MATERIAL SHOWN:
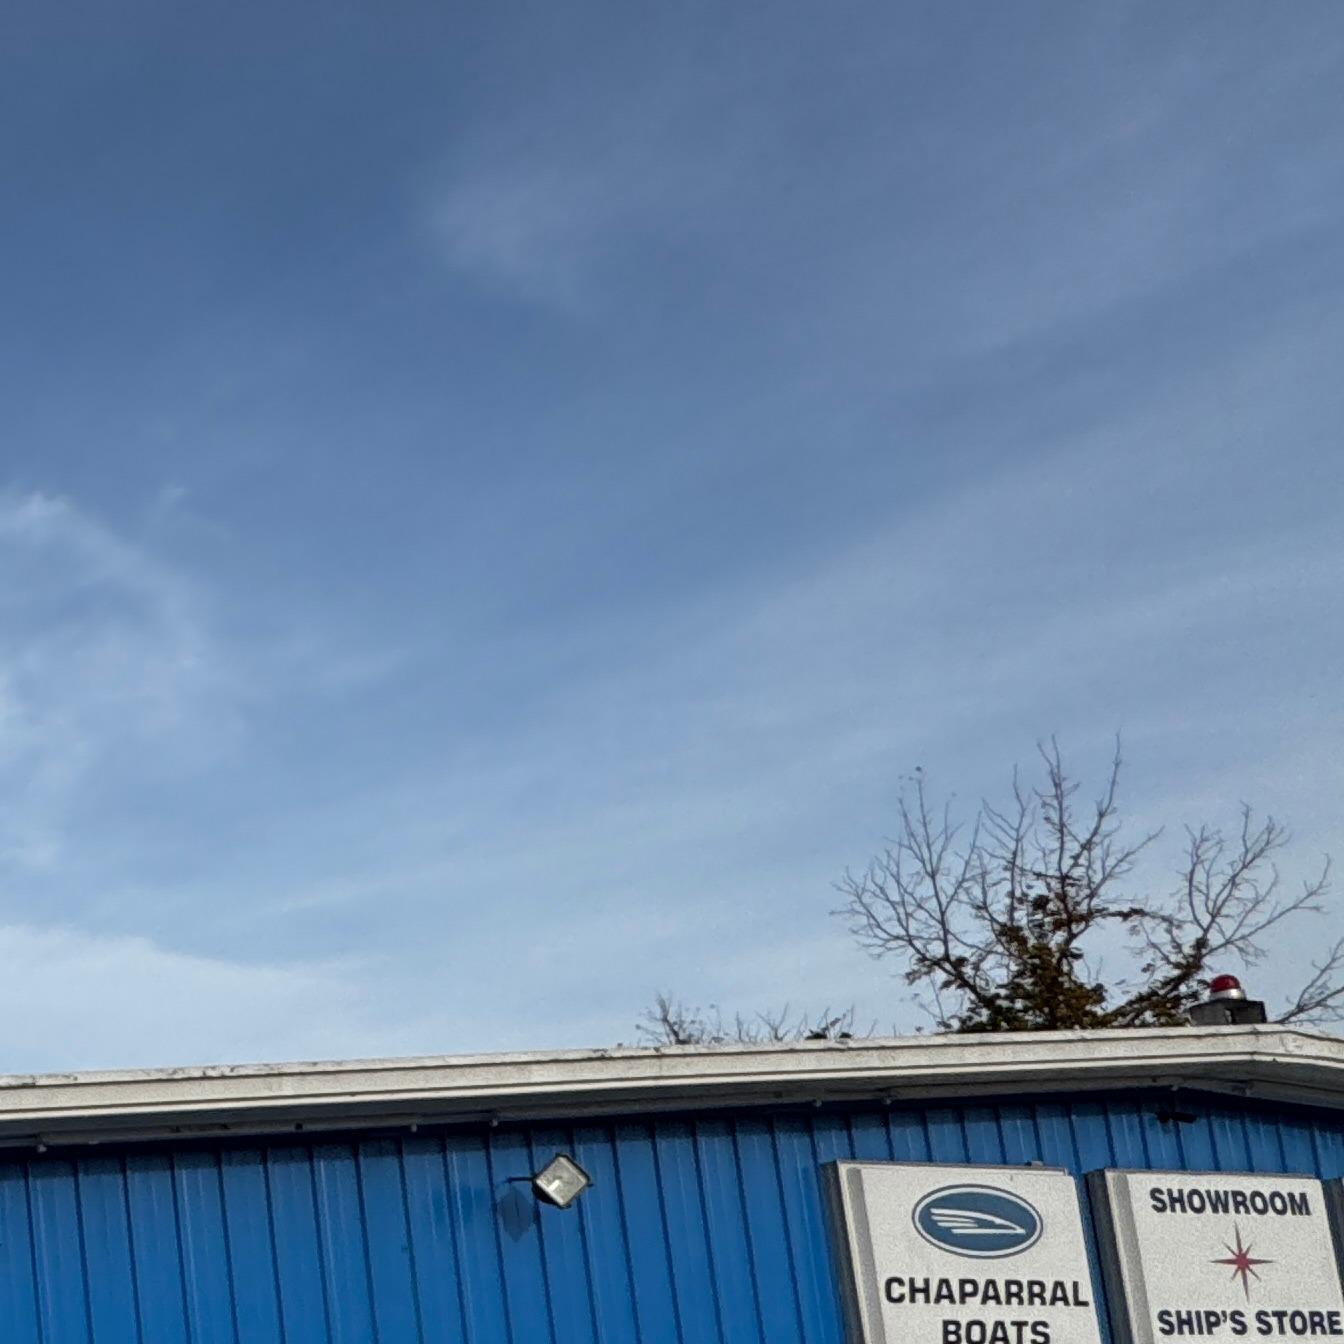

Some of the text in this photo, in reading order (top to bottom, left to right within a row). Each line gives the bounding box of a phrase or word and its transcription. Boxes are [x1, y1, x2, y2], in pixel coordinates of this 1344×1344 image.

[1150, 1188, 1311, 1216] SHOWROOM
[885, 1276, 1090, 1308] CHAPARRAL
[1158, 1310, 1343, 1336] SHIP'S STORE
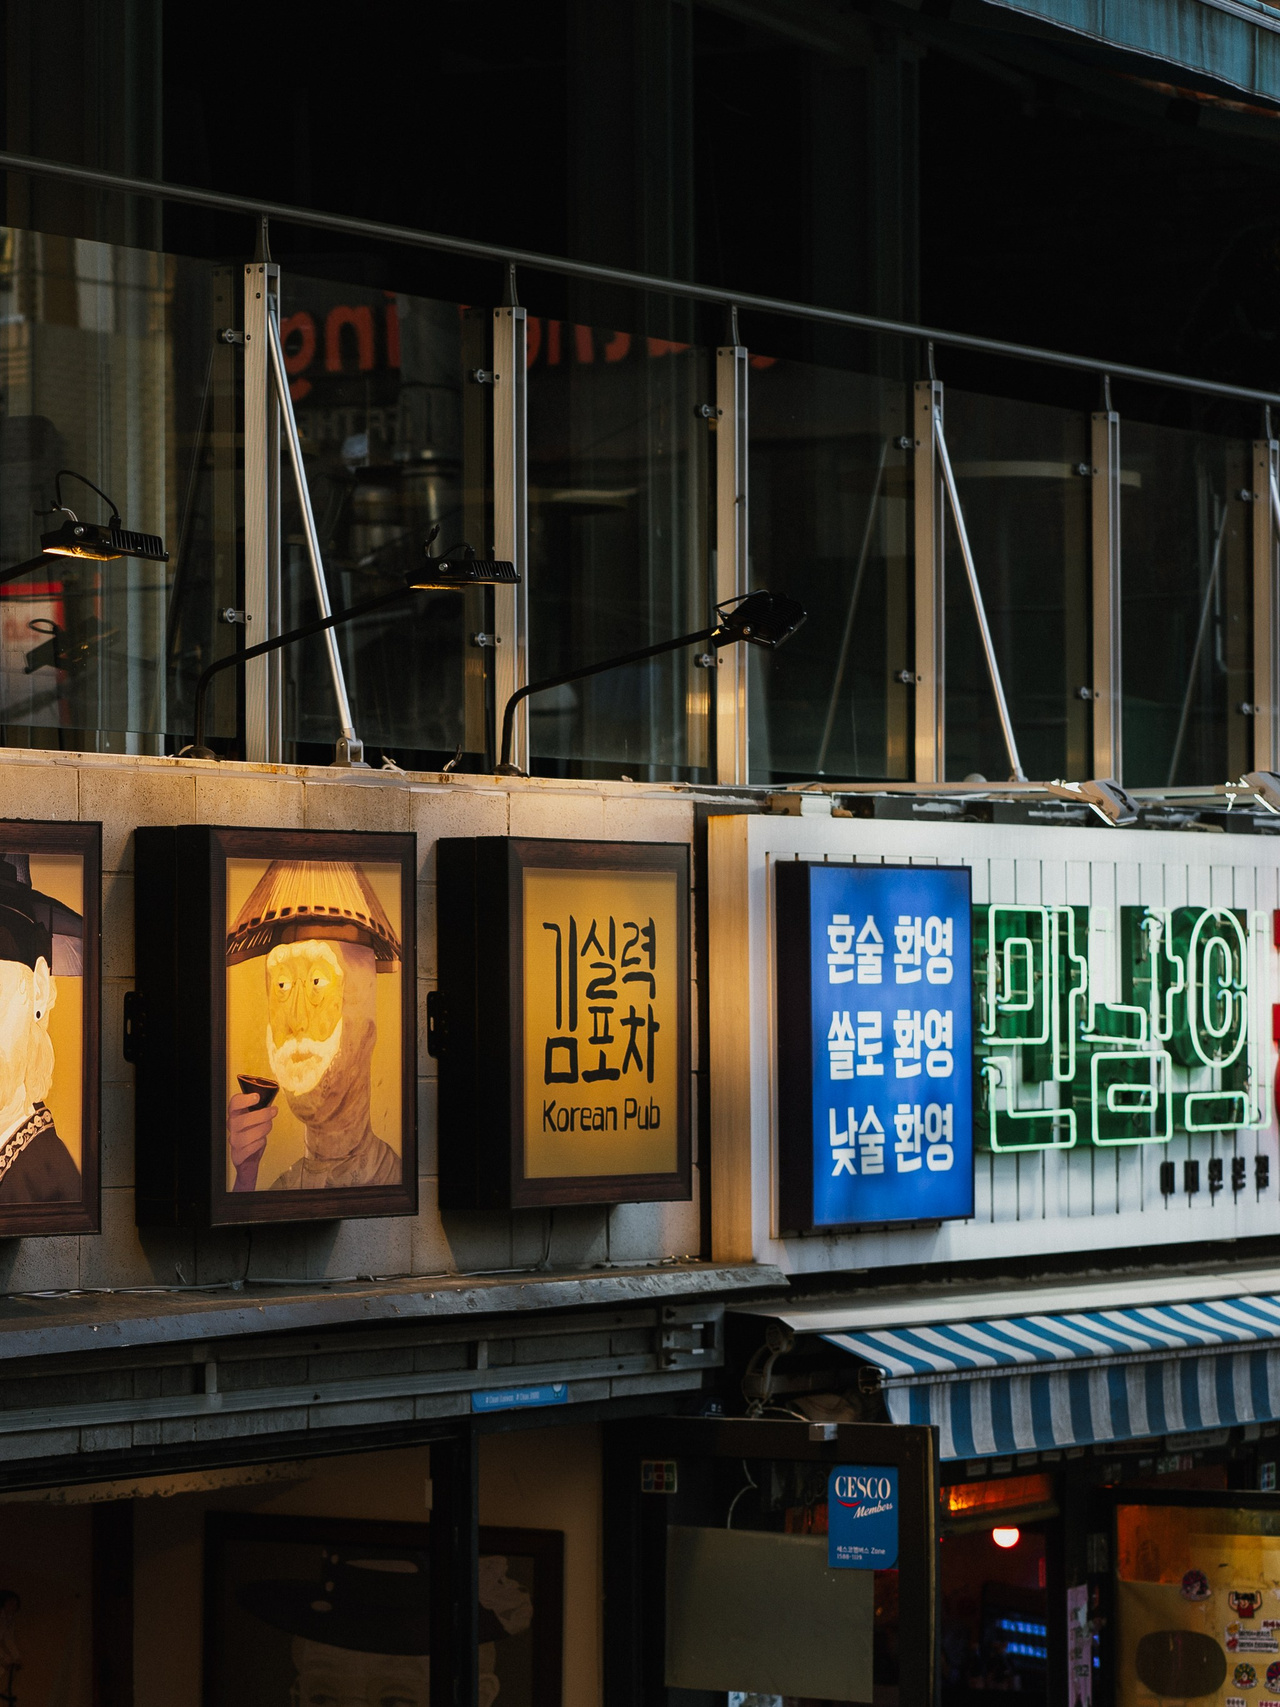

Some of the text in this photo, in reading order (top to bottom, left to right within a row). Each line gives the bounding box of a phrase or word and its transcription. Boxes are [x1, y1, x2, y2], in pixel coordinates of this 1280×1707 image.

TASK DIRECTIONS: Print the listing exactly, minus any pictures.

ANSWER TO THIS EXERCISE:
Some of the text in this photo, in reading order (top to bottom, left to right within a row). Each line gives the bounding box of a phrase or word and its transcription. Boxes are [x1, y1, x2, y2], in pixel coordinates of this 1344×1344 image.

[1150, 1188, 1311, 1216] SHOWROOM
[885, 1276, 1090, 1308] CHAPARRAL
[1158, 1310, 1343, 1336] SHIP'S STORE

Some of the text in this photo, in reading order (top to bottom, left to right within a row). Each line gives the bounding box of a phrase or word and its transcription. Boxes are [x1, y1, x2, y2], in pixel coordinates of this 1280×1707 image.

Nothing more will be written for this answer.